While Sen. John McCain (R-AZ) and his conservative allies rally against government-subsidized health care programs, Massachusetts has successfully “reduced its proportion of uninsured adults by nearly half in the first year of mandatory health coverage and made gains in the share of people receiving routine preventive care, according to the first major study of the 2006 law”:
At roughly the end of the first year after implementation of the new legislation began in Massachusetts, insurance among working-age adults was reduced by almost half (from 13 percent to 7 percent)…There were also improvements in access to care in Massachusetts between fall 2006 and fall 2007, along with reductions in out-of-pocket health care spending, problems paying medical bills, and medical debt.

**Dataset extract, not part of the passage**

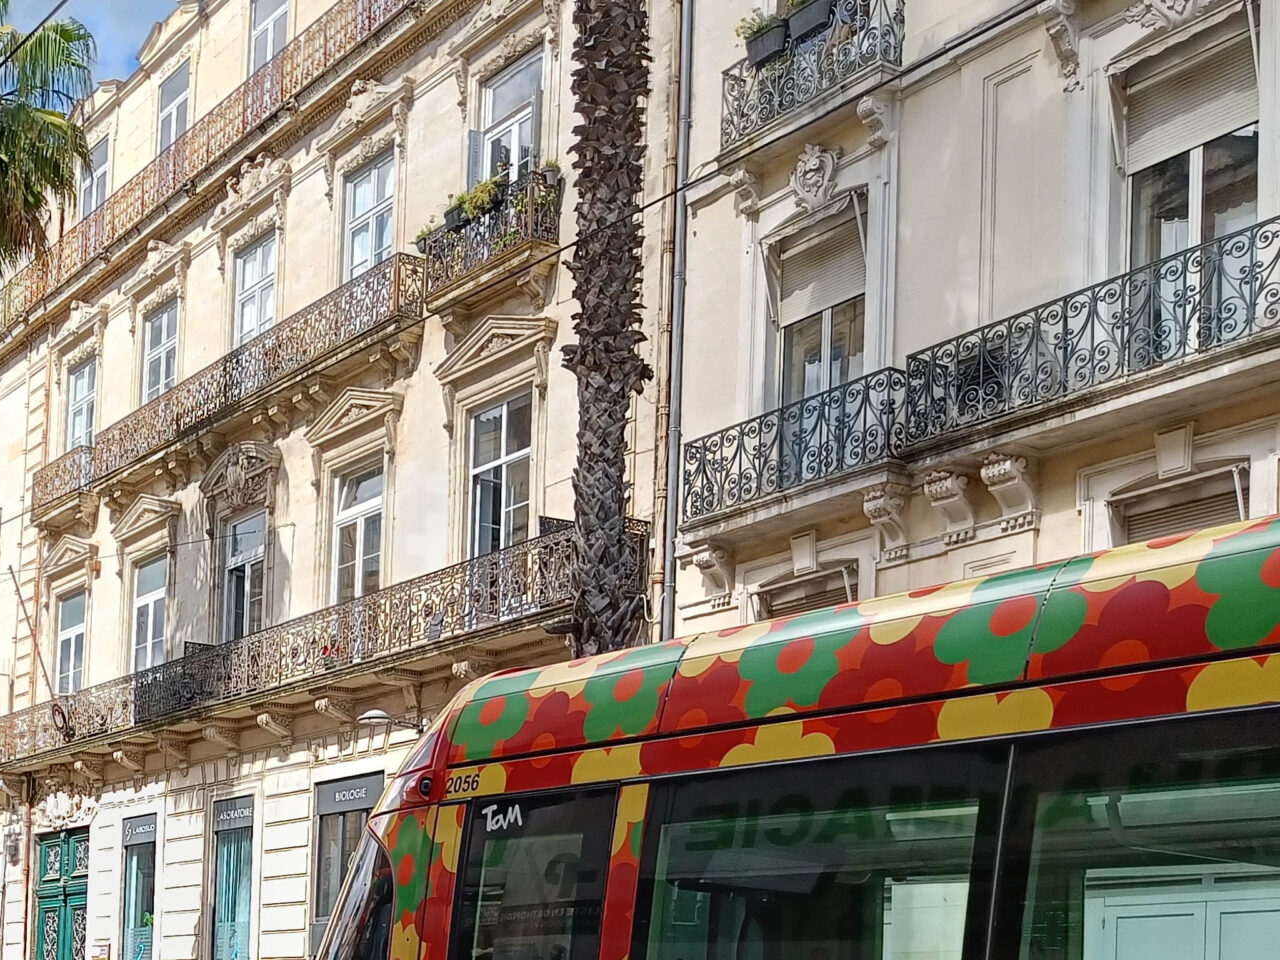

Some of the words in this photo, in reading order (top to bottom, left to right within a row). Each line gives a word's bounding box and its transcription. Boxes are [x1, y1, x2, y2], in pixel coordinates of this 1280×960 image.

[446, 774, 480, 794] 2056
[335, 787, 367, 802] BIOLOGIE
[217, 807, 252, 821] LABORATOIRE
[132, 824, 155, 834] LABOSUD

The new study both undercuts McCain’s rhetoric that universal health insurance will lead to “inefficiency, irrationality, and uncontrolled costs” and highlights the ability of comprehensive health care reform to improve access to affordable health insurance. Here are some of the report’s key findings:
– Increased Access To Care: One year after Massachusetts adopted comprehensive reform, “nearly 93 percent of non elderly adults in the state were insured.” In fall 2007, low-income adults were also more likely to report a dental visit and a visit to a physician for preventive care within the past 12 months than in fall 2006.
— No Crowd-Out Of Employer Coverage: The report finds that “employer coverage increased by five percentage points” for low-income adults and found no evidence that “employers are less likely to offer coverage to their workers under health reform than before.”

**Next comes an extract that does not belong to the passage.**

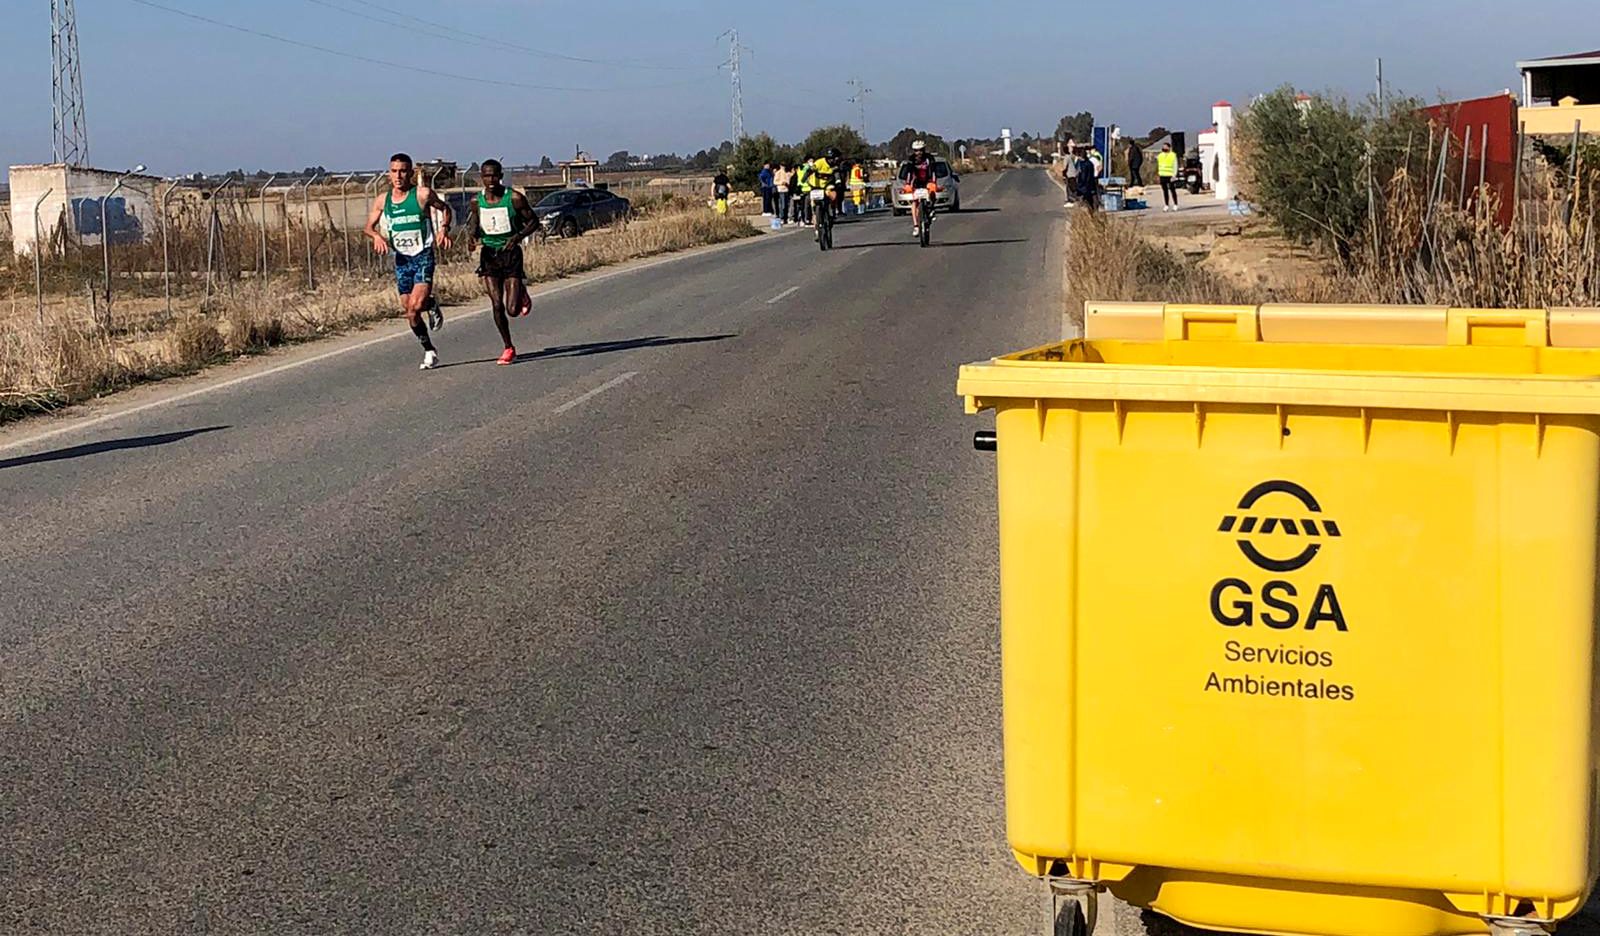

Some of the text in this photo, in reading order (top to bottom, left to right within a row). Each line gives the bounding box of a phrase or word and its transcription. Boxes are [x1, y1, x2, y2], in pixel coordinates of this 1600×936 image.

[395, 236, 420, 247] 2231
[1210, 577, 1348, 632] GSA
[1225, 640, 1333, 667] Servicios
[1204, 672, 1355, 701] Ambientales

— Fewer Financial Barriers To Care: In fall 2007, 16.9 percent of low-income adults said that they had not received needed care in the past twelve months because of cost, compared to 27.3 percent in fall 2006. The proportion of low-income adults with more than $500 in out-of-pocket spending dropped from 48.2 percent in fall 2006 to 37.4 percent in fall 2007.

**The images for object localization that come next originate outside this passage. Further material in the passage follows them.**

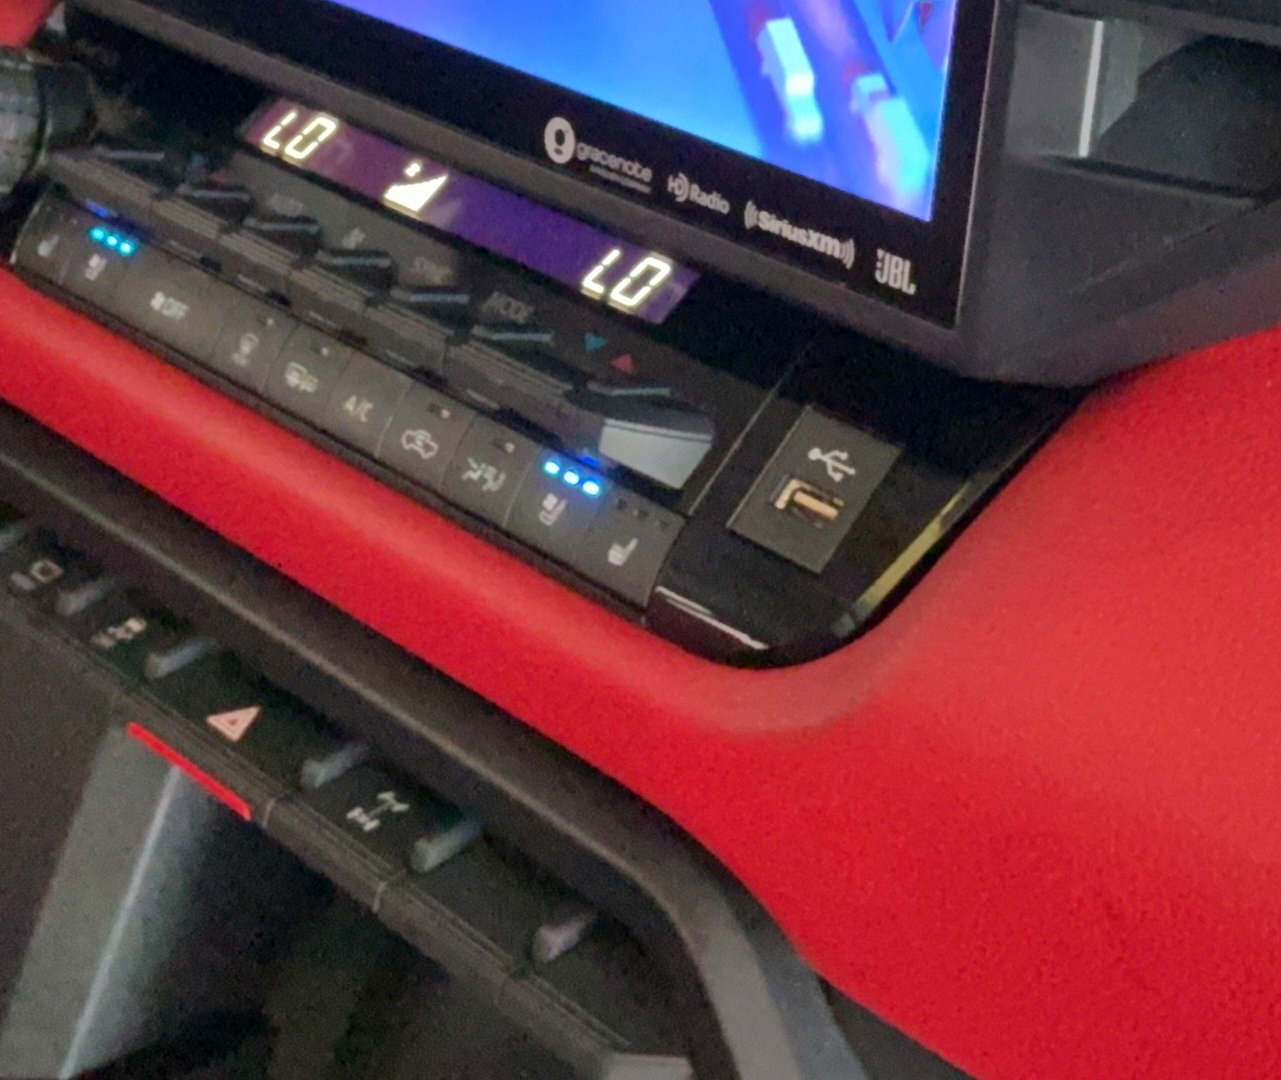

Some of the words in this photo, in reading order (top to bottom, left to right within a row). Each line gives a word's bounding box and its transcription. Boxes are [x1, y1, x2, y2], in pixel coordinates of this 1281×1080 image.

[576, 141, 653, 183] gracenote
[689, 183, 731, 214] Radio
[874, 248, 916, 295] JBL
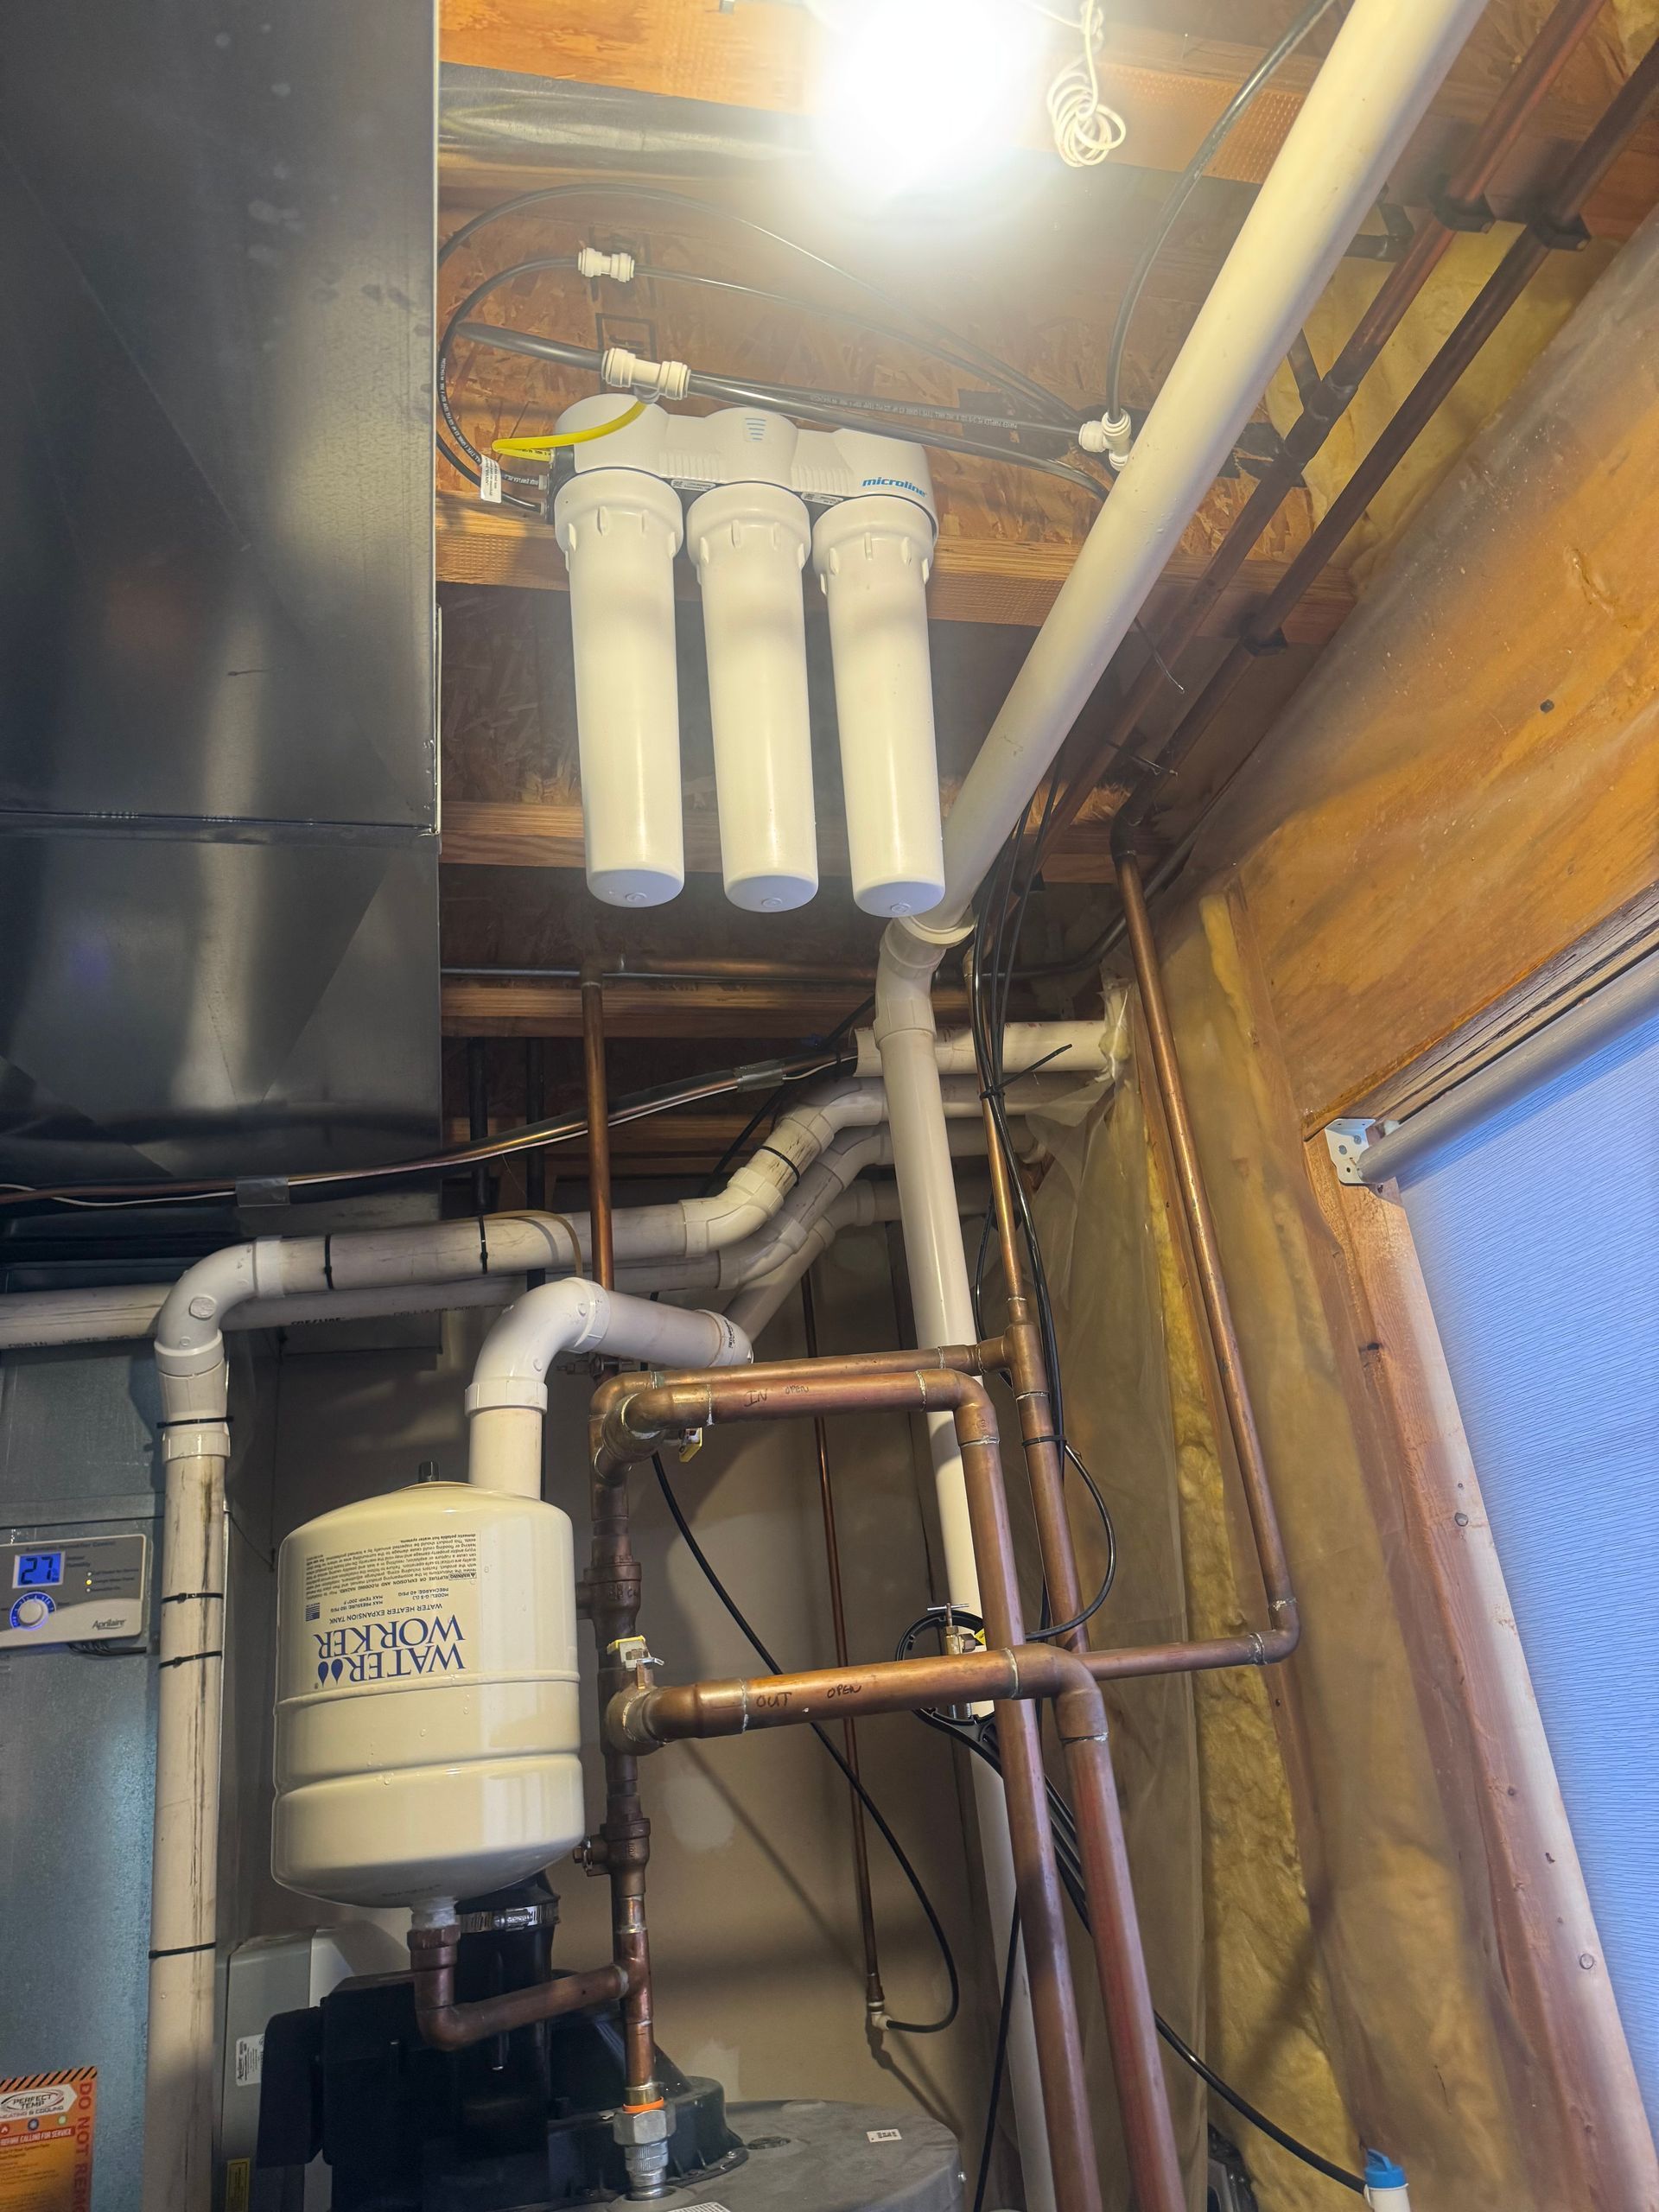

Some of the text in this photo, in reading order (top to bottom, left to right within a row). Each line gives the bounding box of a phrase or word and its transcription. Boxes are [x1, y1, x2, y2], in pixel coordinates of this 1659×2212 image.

[862, 477, 925, 497] microline
[744, 1389, 768, 1407] IN
[21, 1557, 53, 1584] 27
[92, 1618, 126, 1630] Aprilaire
[329, 1603, 442, 1624] WATER HEATER EXPANSION TANK
[313, 1614, 466, 1659] WORKER
[342, 1643, 467, 1682] WATER
[756, 1684, 861, 1707] OUT OPEN
[13, 2094, 52, 2105] PERFECT
[21, 2101, 45, 2110] TEMP
[79, 2082, 92, 2109] DO
[76, 2117, 91, 2157] NOT

The report notes that “the cost of reform to the state has exceeded initial cost projections, in part because the number of uninsured adults exceeded initial state projections” and because the state experienced higher-than-expected enrollment in the Commonwealth Care plans. This, combined with the broad popularity of the plan, underscores the need for public programs as part of health reform.
Ultimately, the success of universal health insurance reform undermines McCain’s proposal, which, with its coverage gap for individuals with pre-existing conditions, sounds like a poor alternative.